It's Official! Oil And Gas Giant Total Now Owns $1.3 Billion Controlling Stake In SunPower

Total, the fossil fuels giant, just gave itself a renewable energy makeover by finishing up its $1.3 billion purchase of a majority stake in SunPower, the San Jose, Calif.-based designer and manufacturer of solar panels and systems.

SunPower sells its solar technology and services to customers of about any size, including at the residential, business, government and utility level.

Let’s put the scope of the Total-SunPower deal in perspective. According to research by the Cleantech Group and Deloitte, for all of 2010, venture investments in cleantech companies of any stripe worldwide totaled $7.7 billion across 715 deals, and the solar segment attracted 24 percent of those dollars. Worldwide venture investments in solar companies for 2010 totaled $1.83 billion across 117 deals. In 2009, venture investments in solar companies totaled $1.34 billion.

[Ed’s note: Cleantech VC money has never looked so Monopoly! The traditional oil and gas purse, on the other hand, looks bottomless.]

In a press statement about the SunPower acquisition, Total touched on its previous involvement in solar:

“Through its joint venture affiliates Tenesol and Photovoltech, Total has built expertise along the photovoltaic solar power chain to make this technology more reliable, efficient and competitive. Tenesol is a French solar panel manufacturer with an industrial footprint in Toulouse (France) and Cape Town (South Africa). Total is also a large minority shareholder in [U.S.-based solar technology businesses] Konarka and AE Polysilicon.”

The company is expected by industry insiders to reorganize its entire business, globally, around its latest acquisition.

With traditional energy companies like Total buying up solar at this level, and huge amounts of competition from Chinese solar manufacturers and developers, do U.S. startups and newly public companies in solar have a chance to survive without ceding control?

Cleantech Group chief executive Sheeraz Haji believes,

“We will see a number of winners in solar. In the U.S., category leaders like Brightsource and MiaSole will thrive as independent companies, while a number of others will struggle on their own and be acquired.

I do not see the SunPower acquisition as a sign of weakness, at all. They sold for a big premium and gained access to a huge new balance sheet, including a $1 billion debt facility that Total did through the equity deal.”
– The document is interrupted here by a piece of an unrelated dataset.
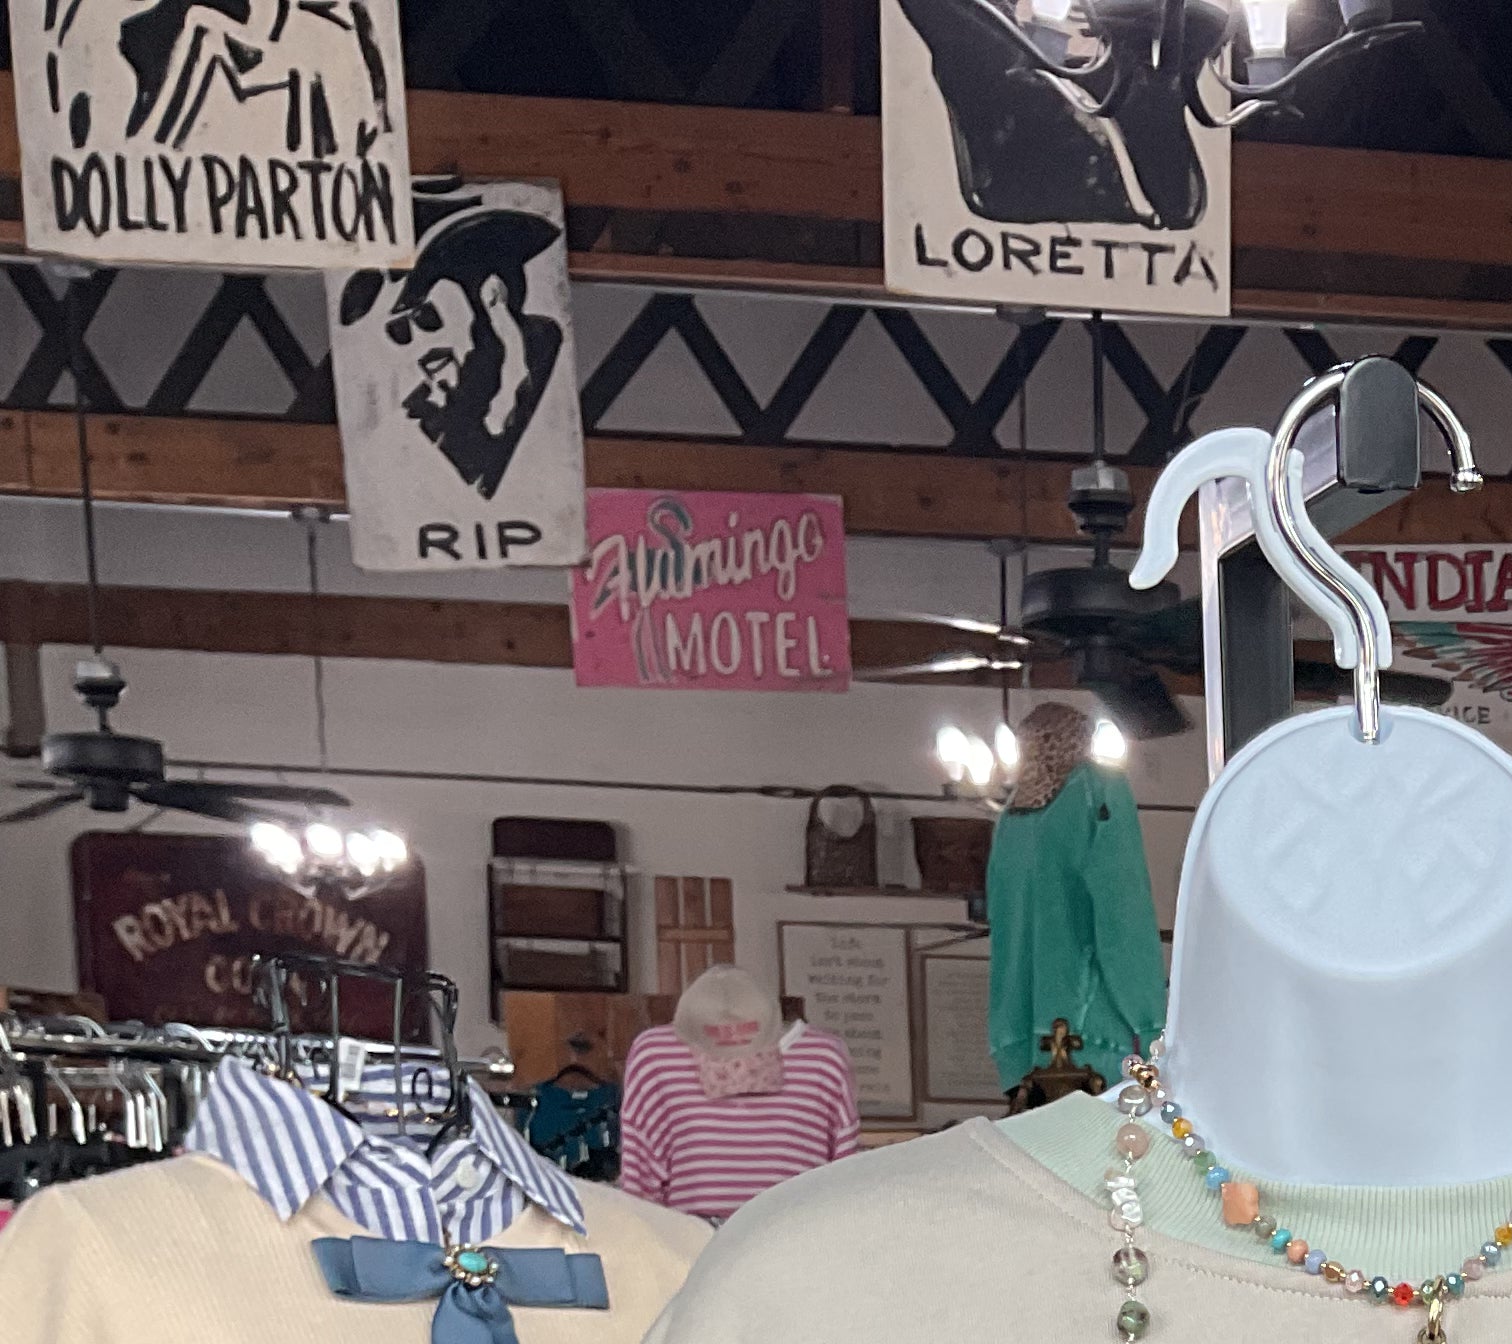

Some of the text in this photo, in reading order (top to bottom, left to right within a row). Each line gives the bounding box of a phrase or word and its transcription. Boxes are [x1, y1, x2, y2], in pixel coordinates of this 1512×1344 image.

Making the case that worldwide demand will remain strong enough to support new entrants in solar (yes, even American ones) a report today from the International Energy Association (IEA) forecasts that “by 2050, solar photovoltaics will provide 11 percent of global electricity production.” That amount of solar power represents a potential reduction in greenhouse gas emissions by about 2.3 gigatons, equivalent to reducing emissions from electricity use from 253 million homes per year, nearly the combined populations of Russia and Japan the report said.